Careers
What Is A Licensed Practical Nurse (LPN)?
How Long to Become: 1-2 years Average Annual Salary: $62,340 Job Outlook (2024-2034): 3% growth
specialty-guide
How Long to Become: 1-2 years Average Annual Salary: $62,340 Job Outlook (2024-2034): 3% growth
A licensed practical nurse (LPN), also called a licensed vocational nurse (LVN), is the fastest route into nursing. You can start your career in 1-2 years. LPNs provide basic patient care under the supervision of registered nurses (RNs).
What an LPN Does
Certification: optional
LPNs work under RN supervision, most often with older adults in hospice, assisted living, skilled nursing, or home health. They also work in rehabilitation, helping patients move, bathe, eat, and dress.
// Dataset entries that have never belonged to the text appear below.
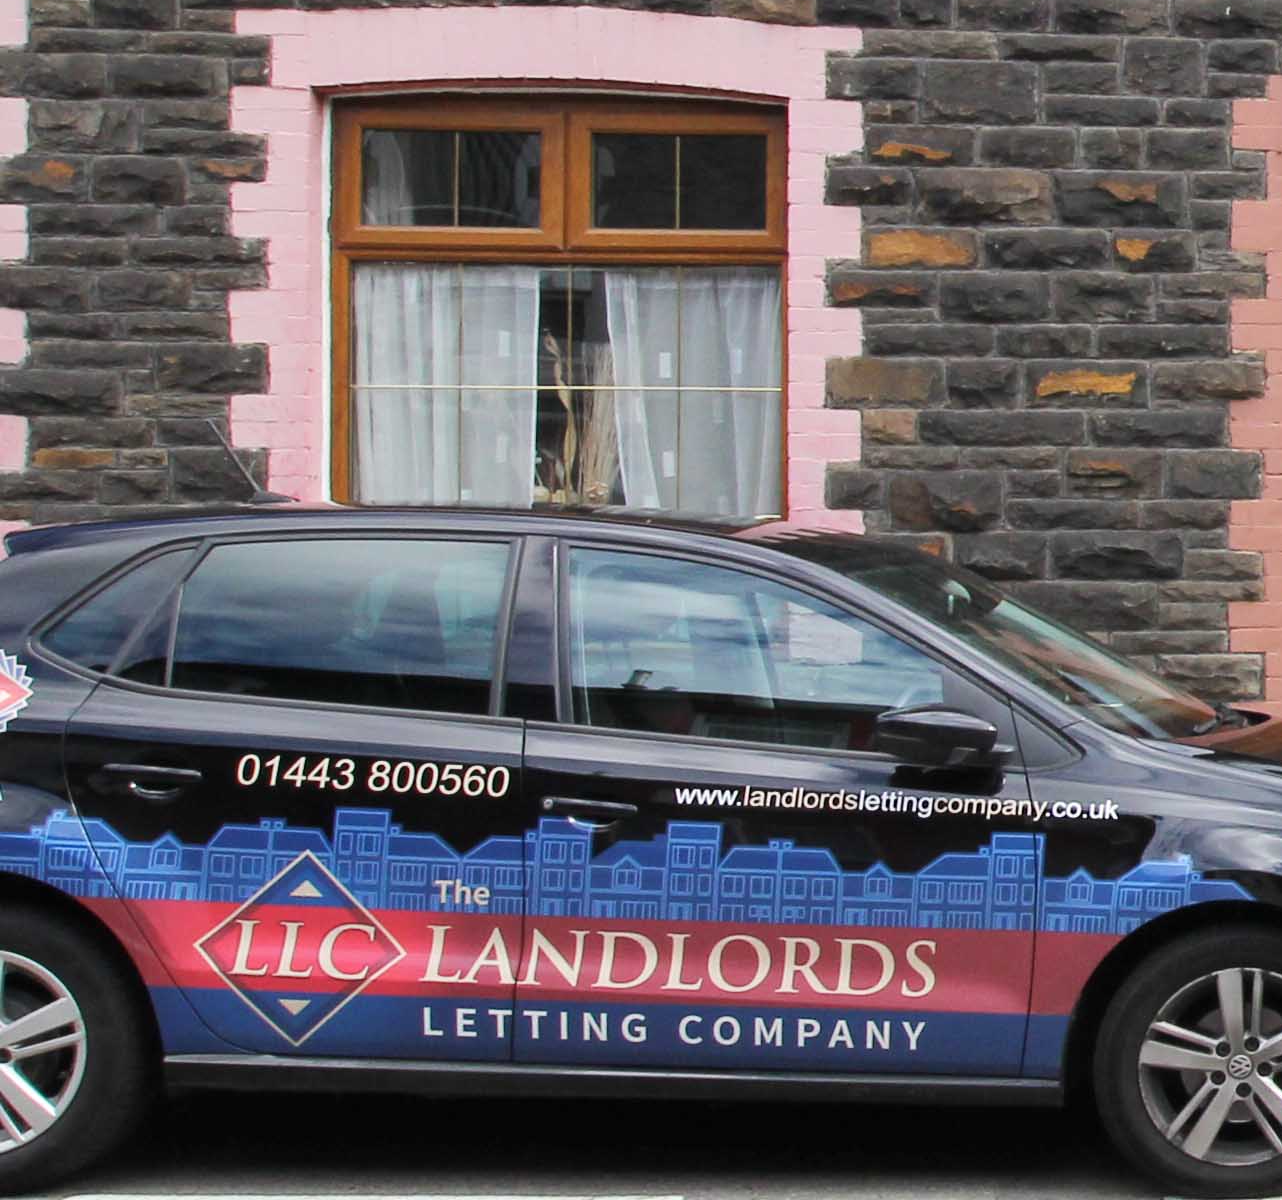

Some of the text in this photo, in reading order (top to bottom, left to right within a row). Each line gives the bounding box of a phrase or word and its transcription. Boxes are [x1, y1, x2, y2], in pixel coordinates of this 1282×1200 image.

[237, 754, 510, 797] 01443 800560
[675, 784, 1120, 822] www.landlordslettingcompany.co.uk
[434, 878, 490, 906] The
[229, 919, 375, 980] LLC
[418, 925, 936, 997] LANDLORDS
[423, 1007, 926, 1050] LETTING COMPANY
Core duties include monitoring vital signs, examining and treating wounds, giving medications, taking patient histories, updating records, and reporting to RNs and other providers. LPNs can start and check IVs, but they cannot start IV medications or give IV push medications.
The work demands physical stamina, strong communication, attention to detail, technical skill, and the ability to manage stress.
Where LPNs Work
Most LPNs care for older adults in home health, assisted living, and skilled nursing. Many also work in physicians' offices and other outpatient settings.
In home health, LPNs dress wounds, monitor vitals, give medications, and carry out RN care plans. In nursing homes and assisted living, where most LPNs work, they track vitals, treat wounds, keep records, report changes to RNs, and may supervise certified nursing assistants (CNAs). In physicians' offices, LPNs take histories, monitor vitals, and update records, usually on shorter weekday hours.
Why Become an LPN
The advantages: it is one of the fastest, least expensive ways into nursing, it offers advancement with experience or further education, and it lets you build real relationships with patients.
The tradeoffs: limited autonomy, physically demanding work with a high injury risk, long hours (especially in hospitals and residential care), and emotional strain that can lead to burnout.
How to Become an LPN
Complete an LPN/LVN program, pass the National Council Licensure Examination for Practical Nurses (NCLEX-PN), get licensed, find a job, and consider certification.
LPN/LVN programs run 45-50 credits and take 1-2 years depending on full-time or part-time enrollment. After the program, you pass the NCLEX-PN to earn your license. The National Council of State Boards of Nursing uses the exam to confirm you have the clinical knowledge and reasoning to practice under RN supervision.
With your license, you can apply for jobs in skilled nursing, outpatient care, home health, or residential care. After meeting experience requirements, you can pursue certification in gerontology from the NALPN Education Foundation (six months of experience), wound care from the National Alliance of Wound Care and Ostomy (two years), or hospice and palliative care from the Hospice and Palliative Care Association (500-1,000 hours).
Specializations
LPNs can specialize, and some specialties carry certifications that lead to higher pay.
Geriatric and gerontology LPNs work in nursing homes, physician offices, and hospitals, recognizing abuse and neglect, educating patients and families, taking vitals, and carrying out care plans. Average salary: $47,000.
Rehabilitation LPNs work in assisted living, patients' homes, or hospitals, helping patients regain movement after injury or surgery. Average salary: $50,000.
Palliative care and hospice LPNs care for patients with terminal illness, providing pain management, comfort, and guidance on quality-of-life decisions. Average salary: $47,500.
Source: The 2020 National Nursing Workforce Survey
How Much LPNs Make
LPNs earn an average of $29.97 an hour, or $62,340 a year, per 2024 Bureau of Labor Statistics data. The highest-paid earn more than $80,510; the lowest-paid earn less than $47,960.
BLS projects 3% job growth from 2024 to 2034, with about 54,400 openings each year. Experience and skills push pay higher. According to Payscale (July 2025), LPNs with 10-19 years of experience earn about 3% above average, and those with 20-plus years earn about 6% above average. Skills in hospice, home care, telemedicine, risk management, and quality control also raise pay.
Frequently Asked Questions
How long does it take to become an LPN? One to two years, after completing a 45-50 credit program, passing the NCLEX-PN, and getting licensed. Working while in school can extend the timeline.
What is the difference between an LPN and an RN? LPNs have a narrower scope. They work under RNs to carry out care plans set by physicians, nurse practitioners, and RNs. RNs coordinate patient care with physicians and other professionals.
What does an LPN do? Basic patient care: dressing wounds, giving medications, taking vitals and histories, answering patient questions, and communicating with RNs, NPs, and physicians.
How much does an LPN make? An average of $62,340 a year, or $29.97 an hour (BLS, 2024). Pay varies by state, skills, and experience.